A dear friend of mine is trying to grow wisteria.  For years she has coveted the feathery foliage and long, fragrant purple racemes of Wisteria sinensis, the traditional Chinese wisteria.  One day she ventured into a garden center and fell in love with ‘Amethyst Falls’, billed on the plant tag as a purple-flowered wisteria.  She bought it, planted it and waited.  Now, a year later, she asks me why it has only grown modestly.

The answer is simple.  ‘Amethyst Falls’ is a cultivated variety of Wisteria frutescens, an American native with a much more disciplined growth habit than its Asian relative.  All things being equal, ‘Amethyst Falls’ should start growing more quickly next year and really take off the year after that.  Eventually it will reach between eight and ten feet tall, providing my friend with all the romantic purple blossoms she longs for.

I, on the other hand, long for complete and total respite from wisteria.  A generation ago, at least, my neighbor’s predecessor planted a maniacal Chinese wisteria along the fence between our two properties.  Neglected anywhere from a little to a lot in the last fifteen years, the plant and its equally hell-bent offspring have reached epic proportions, scrambling, climbing and strong-arming everything in their way.  Even the neighborhood deer are too intimidated to eat it.

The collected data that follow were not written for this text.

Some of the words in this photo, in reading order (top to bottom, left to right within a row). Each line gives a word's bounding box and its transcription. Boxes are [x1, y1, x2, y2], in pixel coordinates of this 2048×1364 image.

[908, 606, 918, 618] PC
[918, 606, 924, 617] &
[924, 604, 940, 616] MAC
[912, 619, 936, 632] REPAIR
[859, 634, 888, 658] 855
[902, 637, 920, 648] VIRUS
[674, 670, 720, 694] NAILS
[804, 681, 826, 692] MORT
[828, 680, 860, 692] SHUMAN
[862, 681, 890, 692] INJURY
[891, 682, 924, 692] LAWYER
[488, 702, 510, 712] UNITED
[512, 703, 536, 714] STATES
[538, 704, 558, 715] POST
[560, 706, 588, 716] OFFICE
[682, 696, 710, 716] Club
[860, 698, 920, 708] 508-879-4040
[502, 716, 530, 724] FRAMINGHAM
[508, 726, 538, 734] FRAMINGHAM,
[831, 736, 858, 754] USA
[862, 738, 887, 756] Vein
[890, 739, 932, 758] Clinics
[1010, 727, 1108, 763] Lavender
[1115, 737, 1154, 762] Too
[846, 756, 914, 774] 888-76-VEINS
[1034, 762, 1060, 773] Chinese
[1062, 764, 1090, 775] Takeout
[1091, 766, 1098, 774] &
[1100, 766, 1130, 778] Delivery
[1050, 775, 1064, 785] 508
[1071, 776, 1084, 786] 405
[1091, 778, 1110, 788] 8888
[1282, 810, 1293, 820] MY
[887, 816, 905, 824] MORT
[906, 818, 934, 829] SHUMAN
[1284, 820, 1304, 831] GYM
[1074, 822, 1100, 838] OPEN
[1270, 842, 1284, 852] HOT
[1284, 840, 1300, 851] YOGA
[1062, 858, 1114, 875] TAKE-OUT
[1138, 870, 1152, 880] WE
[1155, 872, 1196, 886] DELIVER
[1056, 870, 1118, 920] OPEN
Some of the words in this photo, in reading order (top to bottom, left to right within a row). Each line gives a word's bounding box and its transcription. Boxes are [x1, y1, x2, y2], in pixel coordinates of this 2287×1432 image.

Every few weeks, when the wisteria gets a bit too neighborly and begins cascading over the fence, I trim it.  This is a tremendous way to exercise while exorcising free-floating aggressive tendencies.  No matter how much I hack away, the rapacious vines come right back.

I  cannot be romantic about wisteria any more, even though my neighbor’s  purple flowers smell divine in the spring.  Perhaps I will invite my wisteria-besotted friend over here for a pruning party.  She can count the rampant wisteria vines and then go home and count her blessings.